Afghanistan: le chef suprême ordonne aux femmes de porter la burqa en public
Les talibans ont fortement durci les restrictions à la liberté des femmes en Afghanistan, en leur imposant samedi le port en public de la burqa, un voile intégral grillagé au niveau des yeux, symbole de leur oppression dans ce pays.
Dans un décret rendu public devant la presse à Kaboul, le chef suprême des talibans et de l'Afghanistan, Hibatullah Akhundzada, a ordonné que les femmes portent "un tchadri (autre nom de la burqa), car c'est traditionnel et respectueux".
"Les femmes qui ne sont ni trop jeunes ni trop vieilles devraient voiler leur visage quand elles font face à un homme qui n'est pas membre de leur famille", pour éviter la provocation, ajoute ce décret.
Et si elles n'ont pas d'importante tâche à effectuer à l'extérieur, il est "mieux pour elles de rester à la maison".
Ce décret liste aussi les punitions auxquelles sont exposés les chefs de famille qui ne feraient pas respecter le port de la burqa.
Depuis le retour au pouvoir des talibans, à la mi-août, le redouté ministère de la Promotion de la vertu et de la prévention du vice avait publié plusieurs recommandations sur la manière dont les femmes doivent se vêtir. Mais il s'agit du premier édit sur le sujet promulgué à l'échelon national.
Les talibans avaient jusqu'ici exigé que les femmes portent au minimum un hijab, un foulard couvrant la tête mais laissant apparaître le visage. Mais ils recommandaient chaudement le port de la burqa, qu'ils avaient déjà imposé lors de leur premier passage au pouvoir entre 1996 et 2001.

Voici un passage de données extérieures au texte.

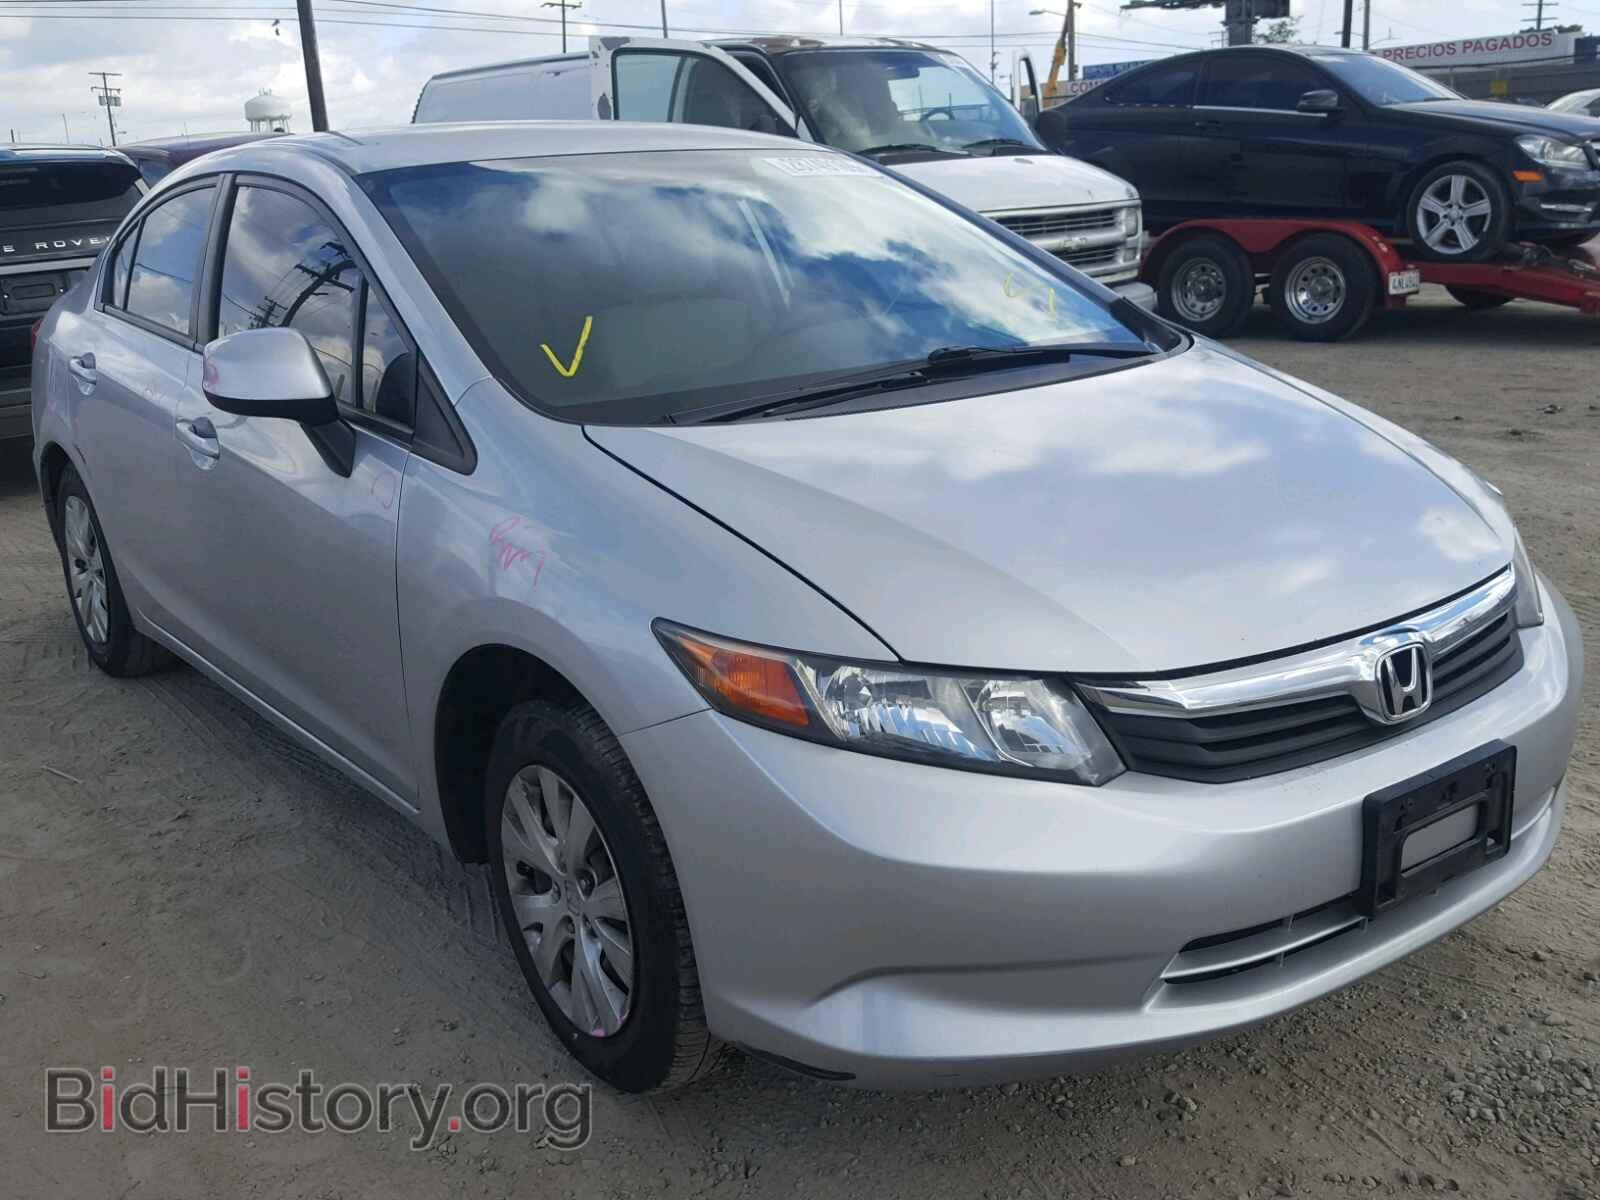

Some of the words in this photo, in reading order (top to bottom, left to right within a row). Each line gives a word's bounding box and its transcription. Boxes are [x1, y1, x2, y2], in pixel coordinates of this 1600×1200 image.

[1382, 42, 1457, 61] PRECIOS
[1462, 32, 1553, 54] PAGADOS
[34, 236, 111, 249] ROVE

Lors de ce premier régime, ils avaient privé les femmes de presque tout droit, conformément à leur interprétation ultra-rigoriste de la charia, la loi islamique.

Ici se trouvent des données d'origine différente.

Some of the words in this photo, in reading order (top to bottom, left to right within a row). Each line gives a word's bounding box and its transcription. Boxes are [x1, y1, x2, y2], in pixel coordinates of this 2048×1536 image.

Les agents du ministère de la Promotion de la vertu et de la prévention du vice fouettaient ainsi quiconque était surprise sans burqa.
- Promesses reniées -
Après leur retour au pouvoir, après 20 années d'occupation par les Etats-Unis et leurs alliés, qui les en avaient chassés en 2001, les talibans avaient promis de se montrer cette fois-ci plus souples.
Mais ils ont rapidement renié leurs promesses, érodant à nouveau progressivement les droits et balayant 20 années de liberté conquise par les femmes.
Celles-ci sont désormais largement exclues des emplois publics et il leur est interdit de voyager à l'étranger ou sur une longue distance dans le pays sans être accompagnées d'un membre masculin de leur famille.
En mars, les talibans ont fait refermer aux filles les lycées et collèges, quelques heures à peine après leur réouverture, annoncée de longue date. Cette volte-face inattendue, qui n'a pas été justifiée sinon pour dire que l'éducation des filles devait se faire en conformité avec la charia, a scandalisé la communauté internationale.
Les talibans ont aussi imposé la séparation des femmes et des hommes dans les parcs publics de Kaboul, avec jours de visites imposés pour chaque sexe.
Ces deux dernières décennies, les Afghanes avaient acquis des libertés nouvelles, retournant à l'école ou postulant à des emplois dans tous les secteurs d'activité, même si le pays est resté socialement conservateur.
Des femmes ont d'abord essayé de faire valoir leurs droits en manifestant à Kaboul et dans de grandes villes, après le retour au pouvoir des talibans.
Mais ceux-ci ont férocement réprimé le mouvement, arrêtant nombre de militantes et en détenant certaines, parfois pendant plusieurs semaines.
La burqa est un vêtement traditionnel afghan, largement porté dans les régions les plus isolées et conservatrices du pays. Avant même le retour au pouvoir des talibans, l'immense majorité des Afghanes étaient voilées, ne serait-ce qu'avec un foulard lâche.